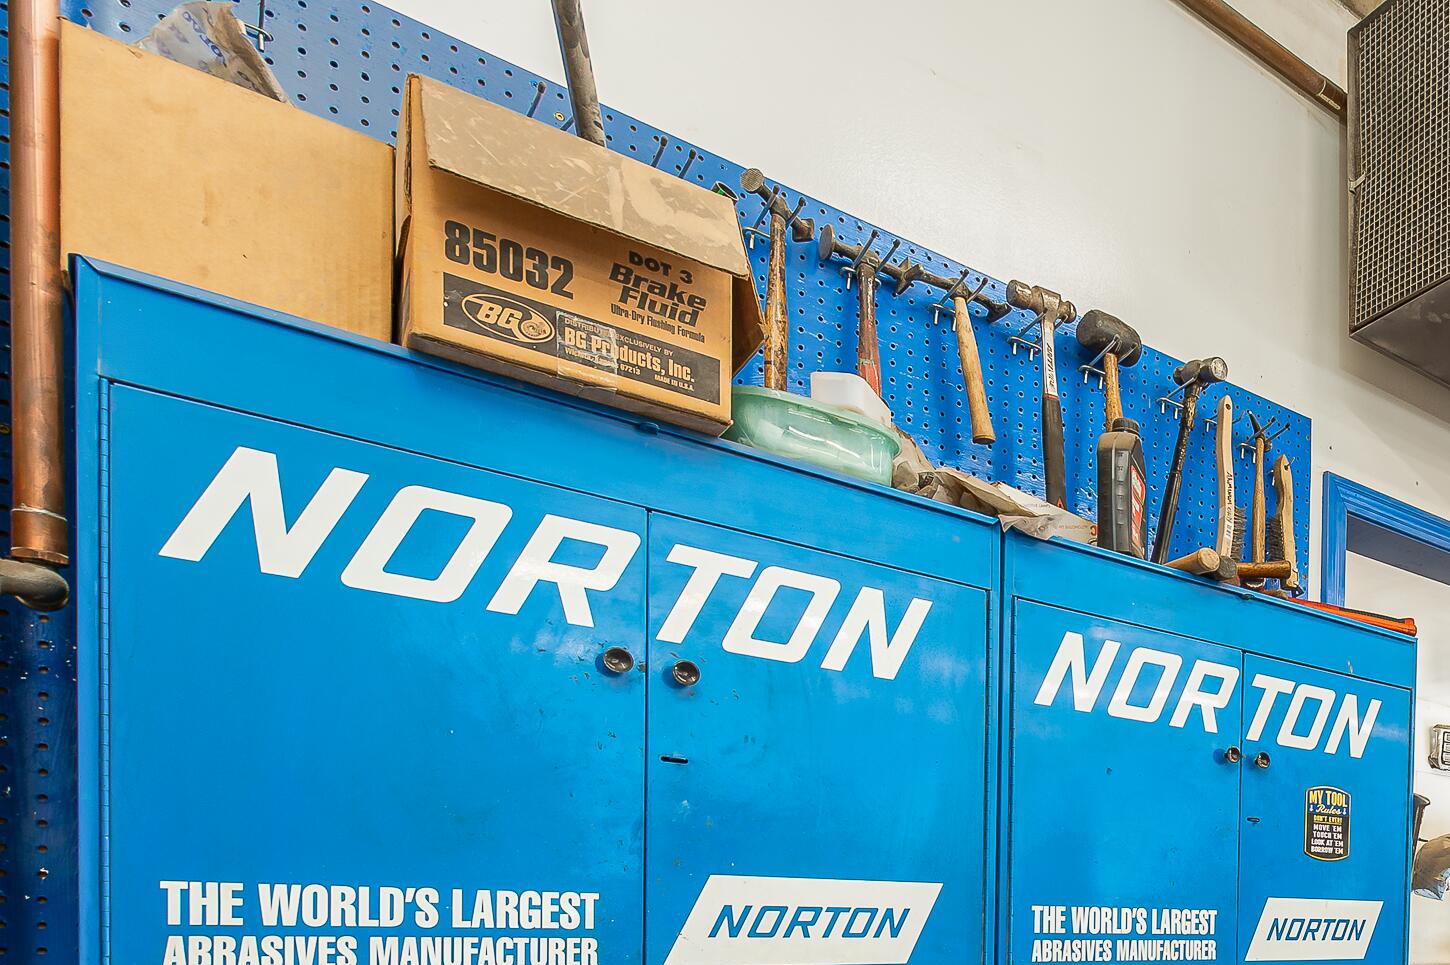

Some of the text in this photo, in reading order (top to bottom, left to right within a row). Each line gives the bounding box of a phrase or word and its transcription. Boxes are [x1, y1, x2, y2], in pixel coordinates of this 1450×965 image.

[444, 219, 574, 300] 85032
[629, 250, 693, 285] DOT 3
[609, 263, 707, 312] Brake
[618, 284, 700, 328] Fluid
[611, 303, 706, 344] Ultra-Dry Flushing Formula
[564, 327, 587, 350] BG
[668, 359, 695, 383] Inc.
[663, 348, 674, 357] BY
[158, 446, 933, 680] NORTON
[1033, 631, 1381, 760] NORTON
[1309, 790, 1347, 807] MY TOOL
[1316, 804, 1341, 815] Rules
[160, 881, 599, 930] THE WORLD'S LARGEST
[708, 905, 910, 940] NORTON
[1032, 905, 1218, 936] THE WORLD'S LARGEST
[1266, 917, 1367, 942] NORTON
[1032, 937, 1218, 963] ABRASIVES MANUFACTURER
::::::::::
*What you should do*
Your reply should hold every line of the material, unaltered, and not one picture.

*Answer for the task*
Some of the text in this photo, in reading order (top to bottom, left to right within a row). Each line gives the bounding box of a phrase or word and its transcription. Boxes are [x1, y1, x2, y2], in pixel coordinates of this 1450×965 image.

[444, 219, 574, 300] 85032
[629, 250, 693, 285] DOT 3
[609, 263, 707, 312] Brake
[618, 284, 700, 328] Fluid
[611, 303, 706, 344] Ultra-Dry Flushing Formula
[564, 327, 587, 350] BG
[668, 359, 695, 383] Inc.
[663, 348, 674, 357] BY
[158, 446, 933, 680] NORTON
[1033, 631, 1381, 760] NORTON
[1309, 790, 1347, 807] MY TOOL
[1316, 804, 1341, 815] Rules
[160, 881, 599, 930] THE WORLD'S LARGEST
[708, 905, 910, 940] NORTON
[1032, 905, 1218, 936] THE WORLD'S LARGEST
[1266, 917, 1367, 942] NORTON
[1032, 937, 1218, 963] ABRASIVES MANUFACTURER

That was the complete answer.